The above claims are, however, based upon fallacies. Whether automation eliminates jobs or creates jobs is dependent on whether demand is elastic. Automation can increase efficiency, thus making society richer and, at the same time, increasing the quality of what is produced. If better quality products are available, and there is more wealth with which to buy these products, demand will increase and more jobs will be created. This is why, despite 98% of the tasks required for cotton production having been automated, the number of weaving jobs has actually increased since the 19th century – not to mention the associated rise of retail, distribution, design and marketing jobs. Elastic demand isn’t a general law but it does seem to be what is currently taking place in many sectors. Moreover, the fact that certain tasks can be automated does not mean that entire jobs can be eliminated. Jobs are made up of a heterogeneous mixture of very different tasks, many of which remain difficult to automate.

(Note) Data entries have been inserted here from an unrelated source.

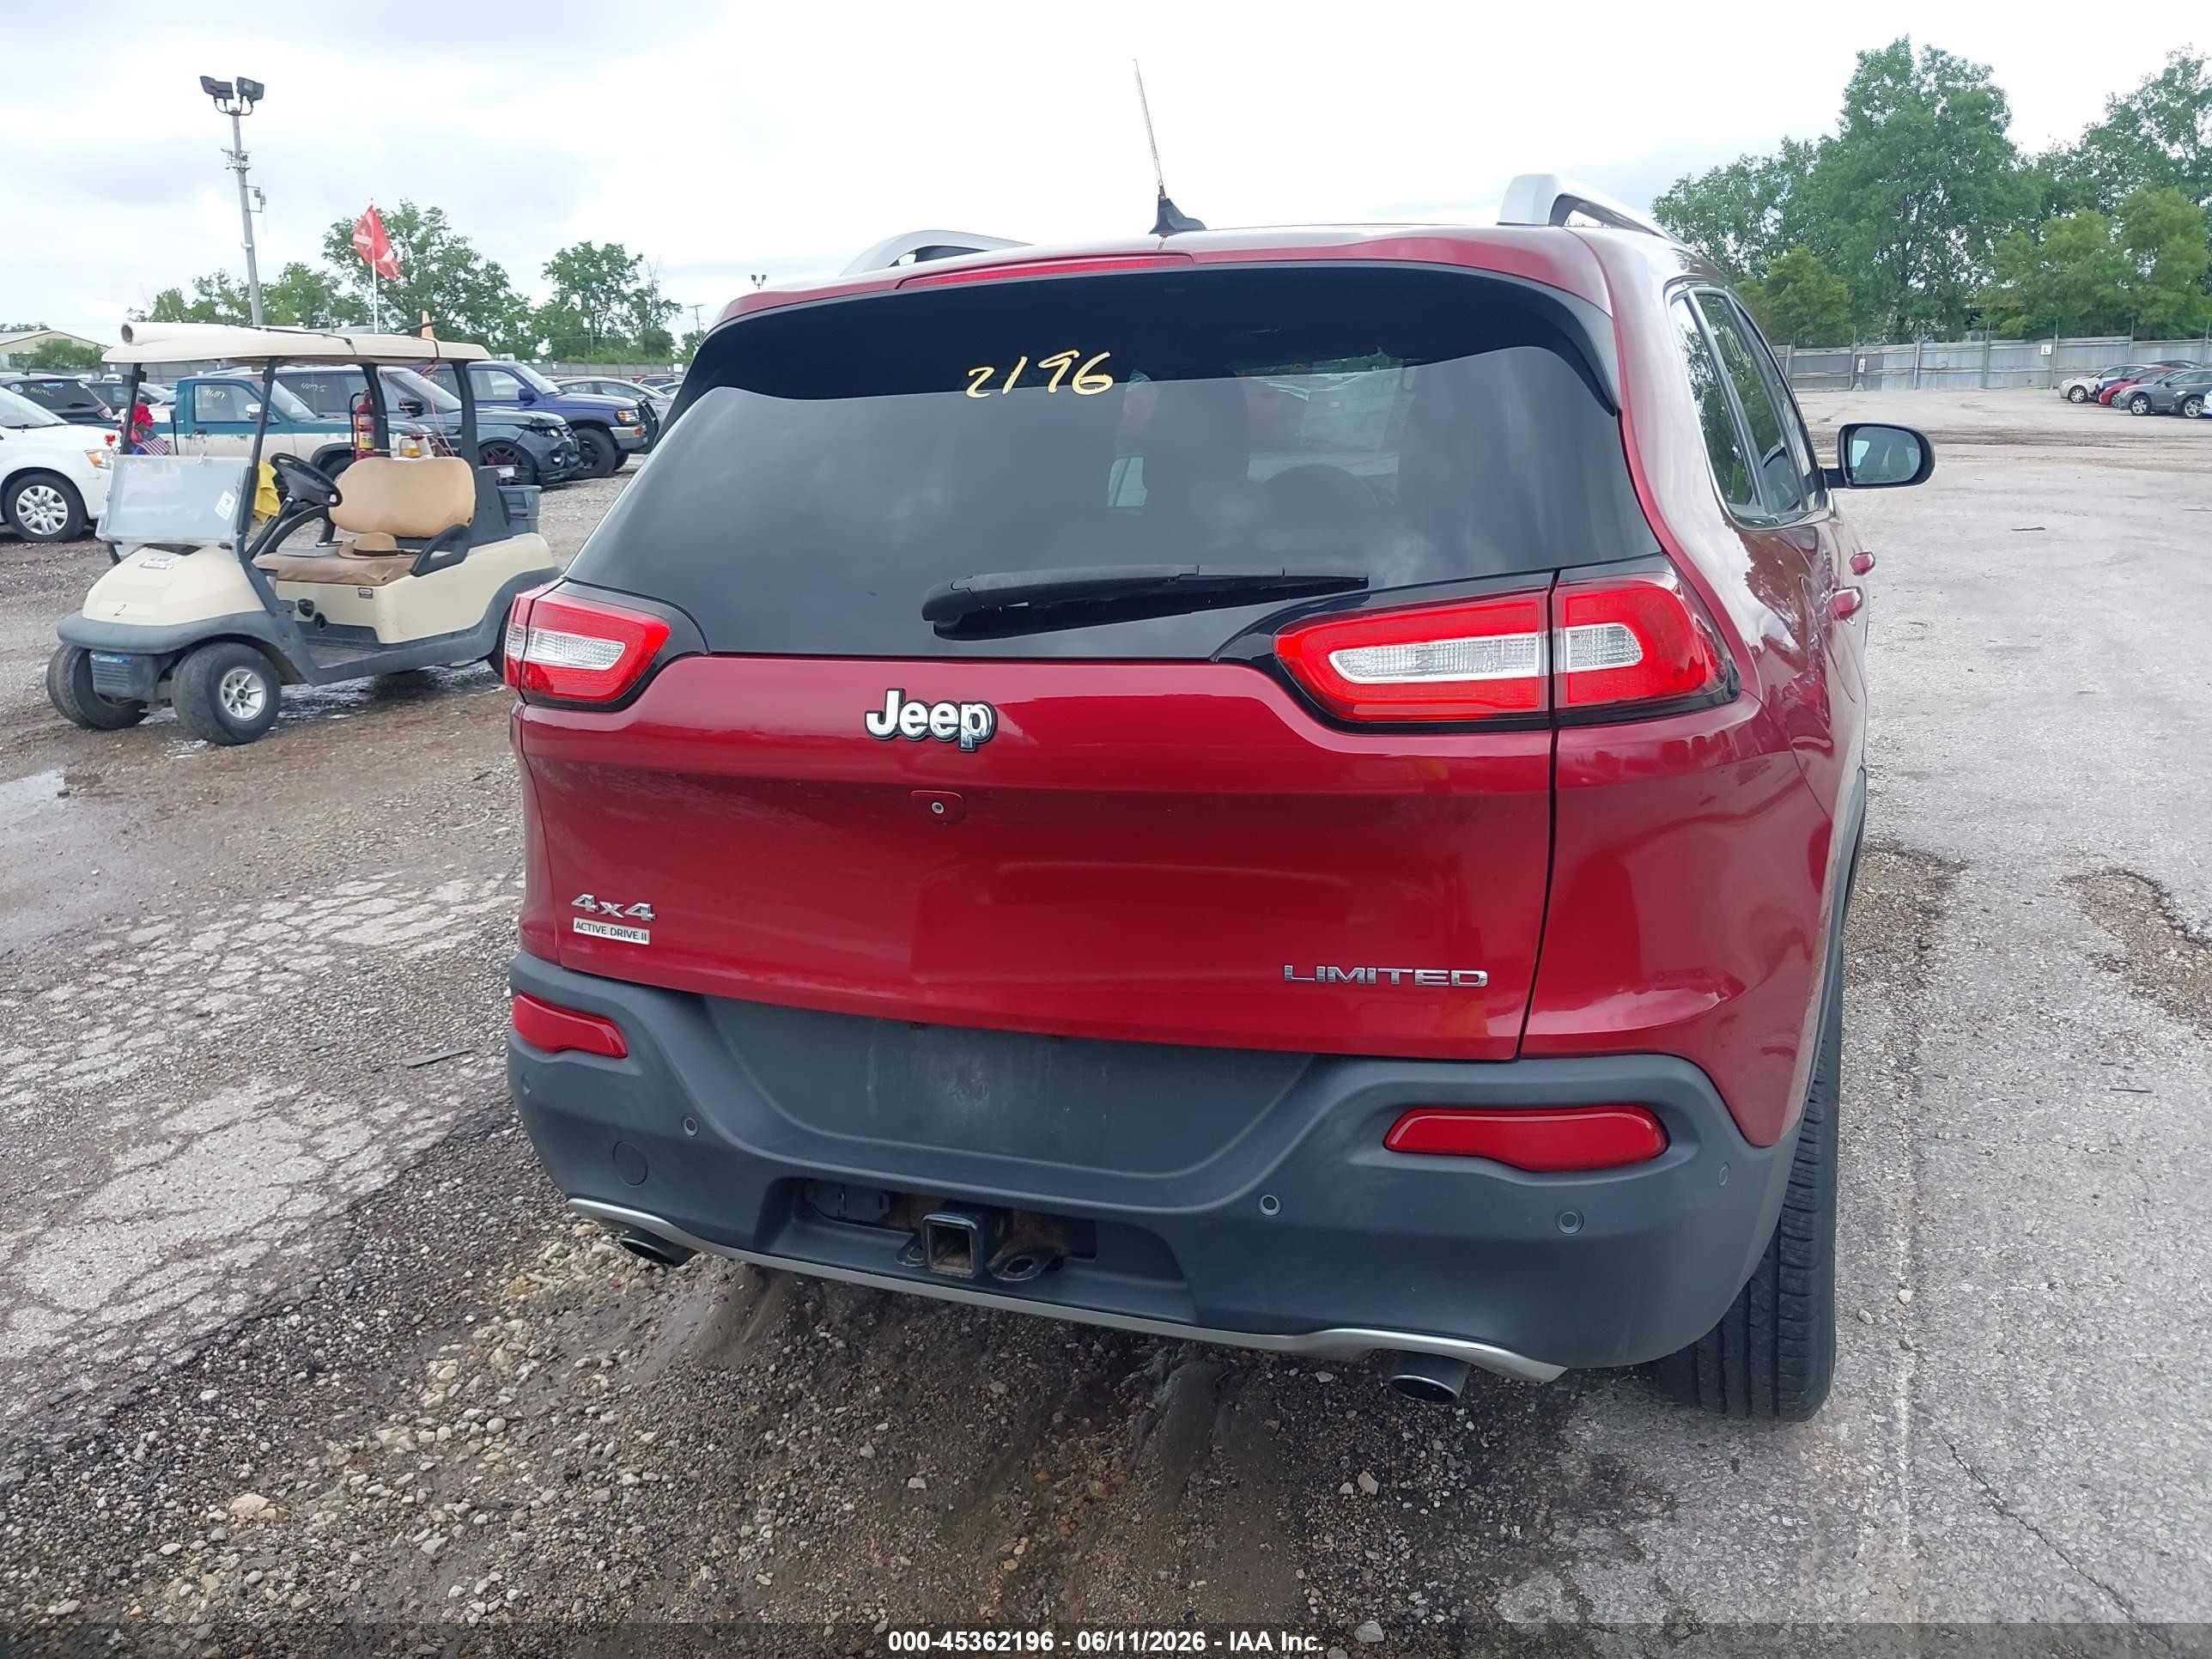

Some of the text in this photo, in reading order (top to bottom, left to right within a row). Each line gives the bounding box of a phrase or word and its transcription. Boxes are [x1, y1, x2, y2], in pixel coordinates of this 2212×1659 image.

[966, 349, 1114, 398] 2196
[865, 688, 997, 752] Jeep
[570, 893, 657, 921] 4x4
[575, 921, 647, 942] ACTIVE DRIVE II
[1284, 964, 1489, 987] LIMITED
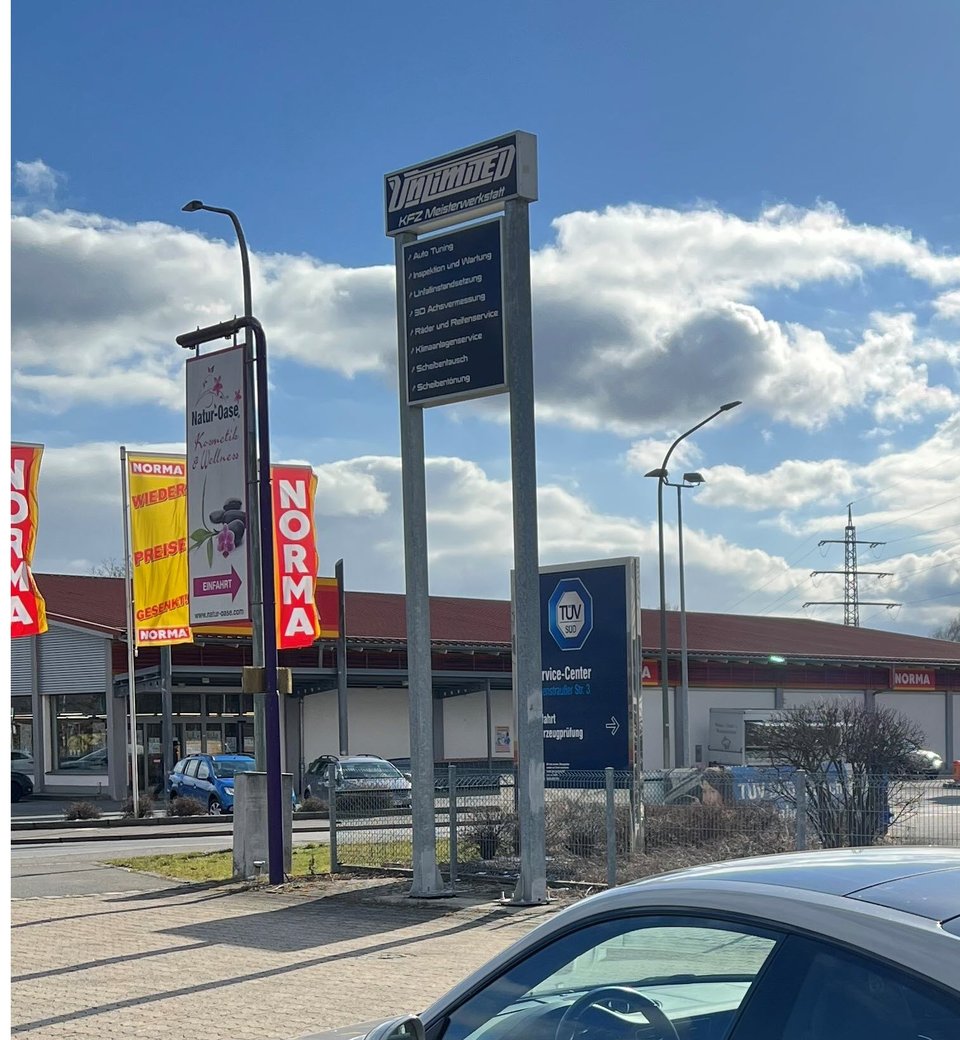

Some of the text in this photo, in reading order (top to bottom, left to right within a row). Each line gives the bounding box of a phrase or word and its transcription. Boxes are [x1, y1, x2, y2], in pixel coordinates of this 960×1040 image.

The advocates of post-work often counter that economic theory and historical facts are no guide to the future as, unlike past automation, it is now highly skilled tasks which are at risk. But, as sociologist Colin Crouch points out, this argument relies on a false understanding of both skill and history. For example, Crouch highlights that, for thousands of years, the highest skilled task undertaken by an architect was their ad hoc ability to calculate the stresses and strains of materials. Yet, this is now a routine task carried out by computer software. This has not, however, led to the elimination of the ‘architect’ as an occupation but it has enabled those in this profession to move their focus to other tasks instead. Overall, what the above adds up to in the foreseeable future is the probable elimination of some jobs. The OECD estimates around 9% are at high risk, while many more new types of paid-work are likely to be created. However, the suffering and insecurity caused by shunting people between old and new jobs will nevertheless be significant.

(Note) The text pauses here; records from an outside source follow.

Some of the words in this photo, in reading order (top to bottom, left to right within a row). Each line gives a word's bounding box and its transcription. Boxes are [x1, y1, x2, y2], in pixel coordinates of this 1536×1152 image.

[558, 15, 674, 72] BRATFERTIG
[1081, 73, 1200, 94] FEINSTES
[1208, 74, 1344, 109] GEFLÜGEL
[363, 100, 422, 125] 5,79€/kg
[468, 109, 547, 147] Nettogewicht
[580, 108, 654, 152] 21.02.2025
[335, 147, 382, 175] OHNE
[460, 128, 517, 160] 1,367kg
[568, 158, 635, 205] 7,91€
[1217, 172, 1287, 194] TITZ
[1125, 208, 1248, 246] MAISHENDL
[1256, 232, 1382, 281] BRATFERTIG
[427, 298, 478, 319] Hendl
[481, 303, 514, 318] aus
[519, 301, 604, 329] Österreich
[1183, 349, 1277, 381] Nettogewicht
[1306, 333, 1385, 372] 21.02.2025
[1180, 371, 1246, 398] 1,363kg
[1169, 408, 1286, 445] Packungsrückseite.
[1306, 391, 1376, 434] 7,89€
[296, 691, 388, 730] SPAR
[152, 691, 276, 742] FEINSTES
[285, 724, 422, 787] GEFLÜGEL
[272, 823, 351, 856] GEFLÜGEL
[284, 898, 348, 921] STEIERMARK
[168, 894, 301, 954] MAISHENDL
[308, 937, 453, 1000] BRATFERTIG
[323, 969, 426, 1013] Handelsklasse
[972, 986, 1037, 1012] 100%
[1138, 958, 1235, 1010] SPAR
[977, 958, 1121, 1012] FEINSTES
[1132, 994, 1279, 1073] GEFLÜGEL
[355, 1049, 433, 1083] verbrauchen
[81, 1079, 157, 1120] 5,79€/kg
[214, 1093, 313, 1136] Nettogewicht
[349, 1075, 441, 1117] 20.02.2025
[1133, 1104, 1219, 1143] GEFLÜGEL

A further fallacy is that automation undermines the basis of capitalism. In a nutshell, this argument relies upon adopting a partial and misleading reading of Marx and his theory of value in order to argue that labour exploitation is no longer a necessary condition for profit and thus the ability of capital to capture value has been fatally undermined. These arguments have been powerfully critiqued elsewhere. Therefore, I will focus on a different fallacy, one which has been less discussed but is of more immediate political relevance. This is the idea that ‘post-work’ would be welcomed by those exploited under the current wage system.

In a recent book chapter written by myself and Cambridge sociologist Brendan Burchell, we review the literature regarding the impact of employment and unemployment on well-being. What is clear from the empirical evidence is that employment can cause great harm. In particular, the insecurity to which many workers are exposed can lead to stress and anxiety. This insecurity can take many forms, such as threats to the continuation of employment, job role, or other valued job features such as working hours. Given the suffering which employment causes many people, should unemployment then be welcomed as a source of relief? Unfortunately, there is also overwhelming evidence, including longitudinal research, that unemployment also causes both poor mental and physical health for most people. Moreover, this suffering is not only the result of financial hardship due to loss of income.

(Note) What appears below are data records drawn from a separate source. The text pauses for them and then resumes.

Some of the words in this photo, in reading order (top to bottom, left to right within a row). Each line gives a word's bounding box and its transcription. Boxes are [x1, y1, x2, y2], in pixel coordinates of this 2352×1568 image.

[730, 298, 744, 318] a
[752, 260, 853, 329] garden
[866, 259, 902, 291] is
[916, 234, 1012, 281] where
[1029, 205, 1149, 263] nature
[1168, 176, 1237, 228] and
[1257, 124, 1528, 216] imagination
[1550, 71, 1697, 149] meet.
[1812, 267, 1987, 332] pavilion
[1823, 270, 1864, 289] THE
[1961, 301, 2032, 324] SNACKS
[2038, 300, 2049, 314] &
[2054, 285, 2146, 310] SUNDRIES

Based on ethnographic research, social psychologist Marie Jahoda argued that unemployment caused psychological distress due to the fact that employment provides us not only with an income but also five ‘latent’ categories of experience. And it does so regardless of whether we are aware of the benefits of these experiences. For example, when someone becomes unemployed they might actually miss social contact with someone they previously hated interacting with. Jahoda’s latent categories of experience are: time structure, externally generated activity, social contact, collective purpose, and status and identity. While hard to test empirically, there is a body of quantitative, qualitative and longitudinal literature which supports Jahoda’s framework. This means that alternatives to paid work, such as social security benefits or a universal basic income, can only go so far in replacing employment.

So why is it that employment seemingly provides us with these beneficial latent categories of experience? Jahoda is often accused of adopting a teleology in which employment is seen as fulfilling essential human needs. Indeed, she does at times deploy such arguments. However, at other points, she suggests a more sociological argument based on her view of employment as “a central institution in capitalism”. This is an important insight, as sociologist Erik Olin Wright argues that institutions which “systematically impose harms on people require vigorous mechanisms of active social reproduction in order to be sustained over time.” This suggests that the institution of employment, an institution which is at the very heart of capitalism, and has existed for around 400 years, must be actively socially reproduced. According to this reading of Jahoda the social reproduction of employment is based upon the daily conditioning which results from our engagement with common social institutions such as school, the family, market exchange and employment itself. For example, Jahoda argued that school and family “impress on the young the value of punctuality and the need to fill the day with planned activities” and that collective purpose, status and identity are shaped by the lived experience of a market society in which we learn to measure and value ourselves against others according to levels of income.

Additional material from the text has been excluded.